The flamethrower. When most people hear those words they usually think about WWII. During WWII the soldier wore a backpack of tanks and carried a “gun”/ wand kind of thing that he used to spew fire 150-300 feet or so ahead of him burning everything in its path. Those were cool, huh?
Ancient fiery streams of death
In reality, the concept of a flamethrower goes all the way back to ancient Greece to the 1st century. Often the Greeks would have it mounted on their ships and use it to destroy enemy ships. This version was referred to as Greek fire.
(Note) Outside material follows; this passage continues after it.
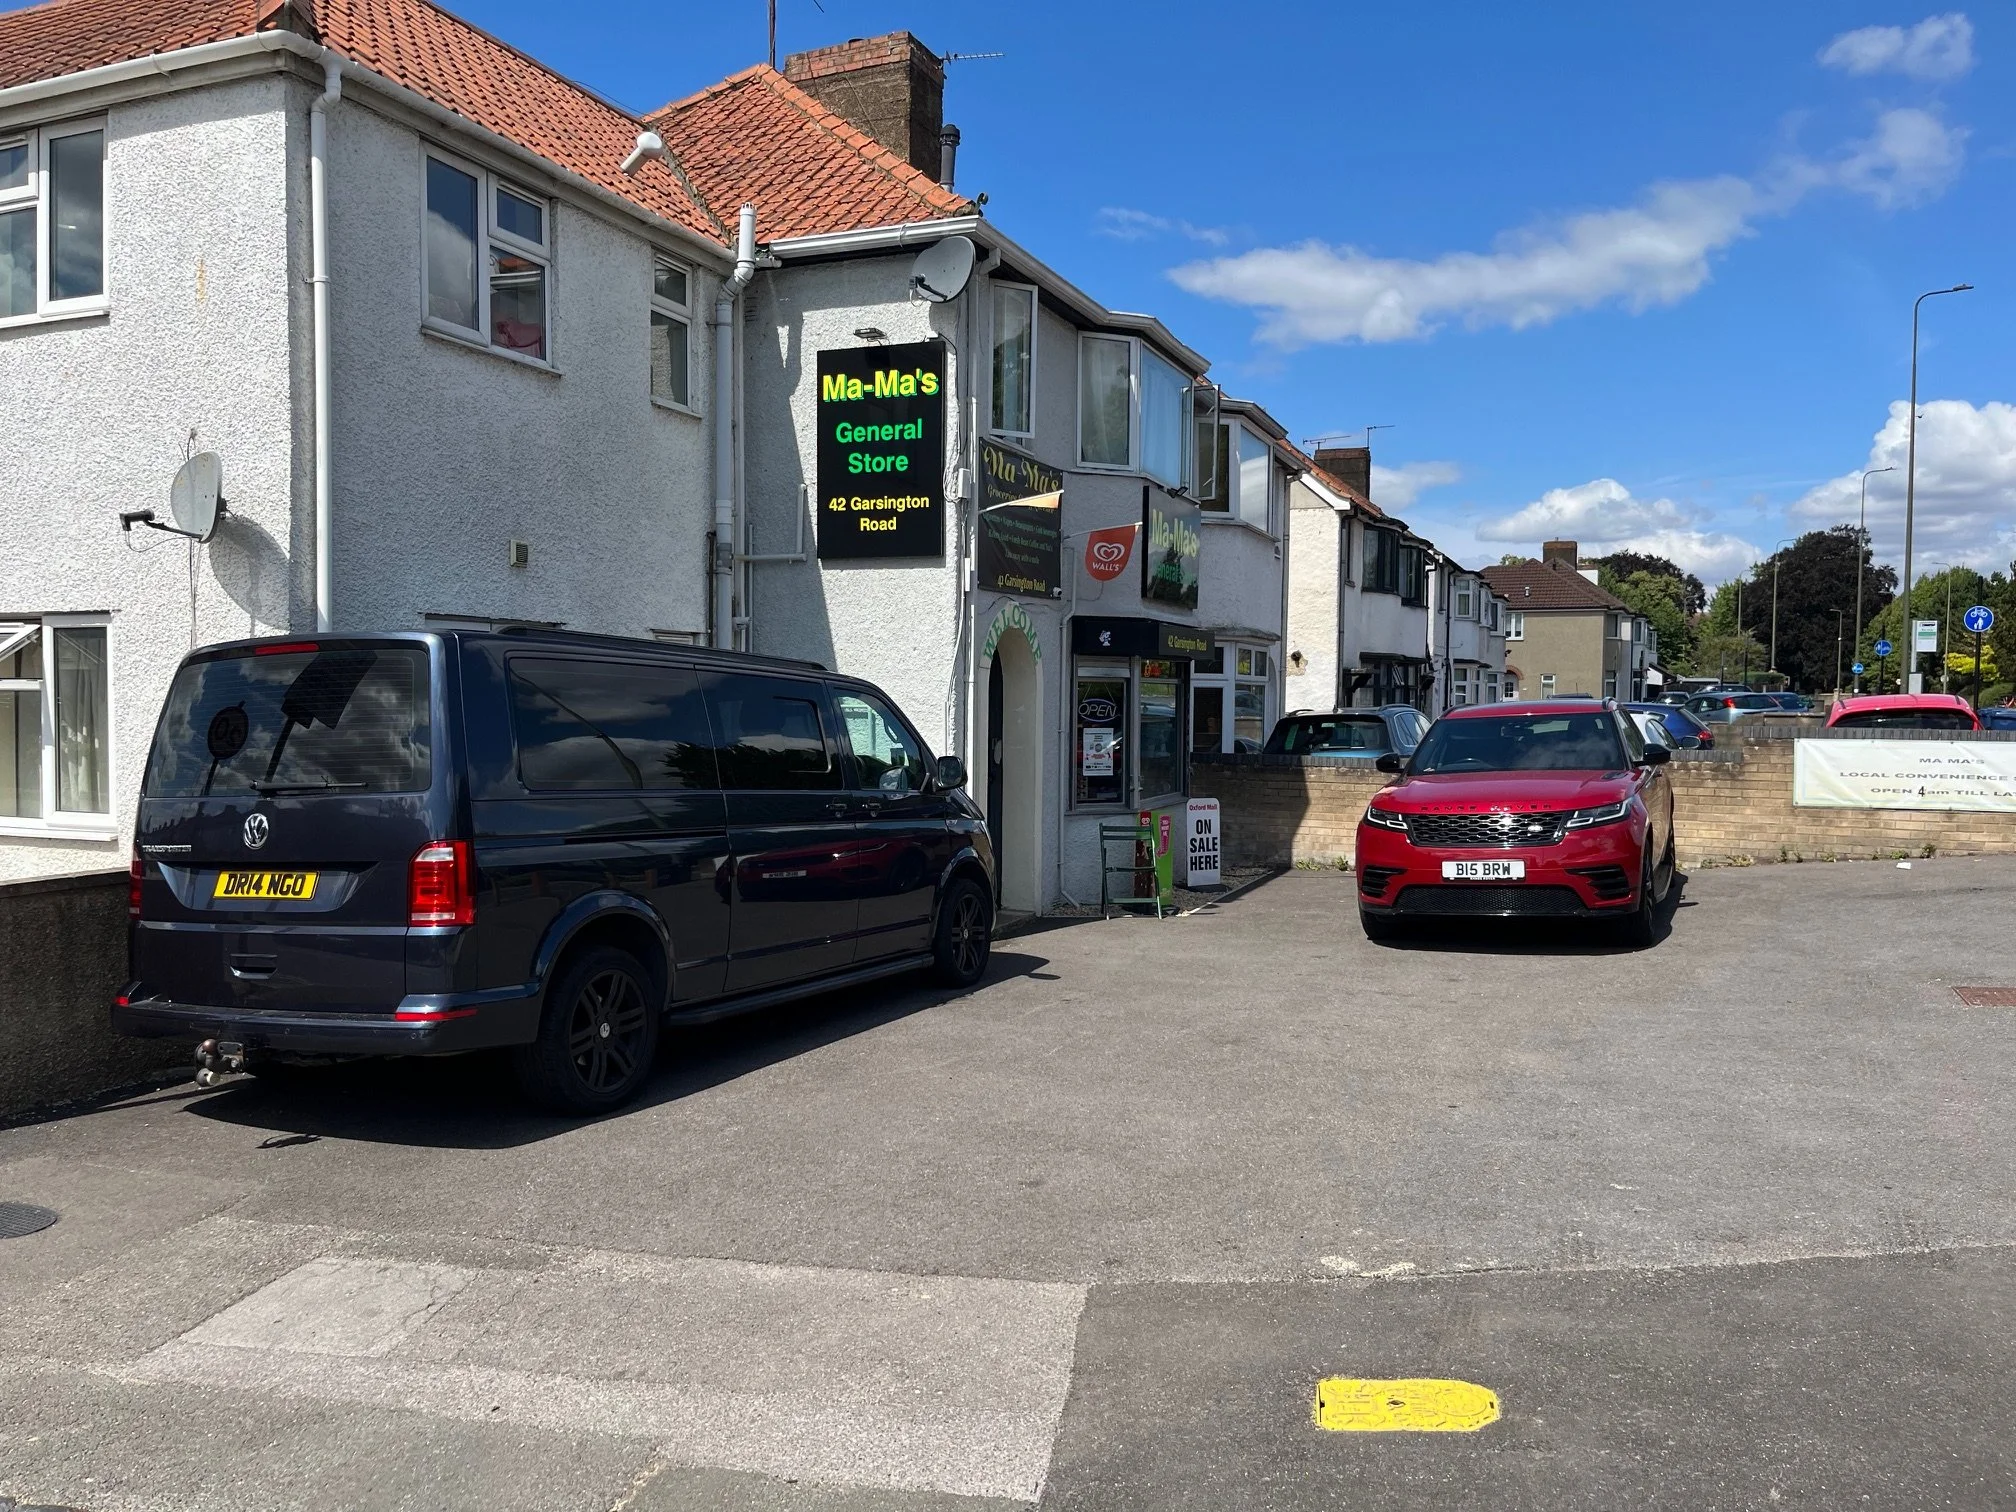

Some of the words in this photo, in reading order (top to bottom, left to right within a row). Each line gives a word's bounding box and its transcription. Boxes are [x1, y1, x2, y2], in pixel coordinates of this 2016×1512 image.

What Greek fire actually consisted of is unknown today, but it was said that it would even burn on water. Most likely it contained some type of oil as oil will lie on top of water and continue to burn.
The Greeks were not alone in the use of streaming flames as weapons. During the same century the Chinese also had flame throwing weapons.
Their weapons were siphon pump operated, and flaming oil was used against their enemies to engulf them in fire. I say flaming oil because writings from the era stated that their flames could not be put out with water. This leads me to believe that some form of oil was used as fuel.
Whatever the case, the ancient Greeks and Chinese’s method of delivering a fiery stream of death seems to have gone forgotten for centuries, at least until WWI came along. It was at that time that the flamethrower was resurrected to once again wreak havoc upon the battlefield.
Unfortunately for the soldier wearing a flamethrower in a combat zone, the enemy made it their priority to shoot him first.
Although the tank system was designed to not burst into a ball of fire if struck by a bullet, if it was struck with an incendiary round that would indeed be the effect. This was a terrible turn of fate for the soldier carrying the tanks on his back.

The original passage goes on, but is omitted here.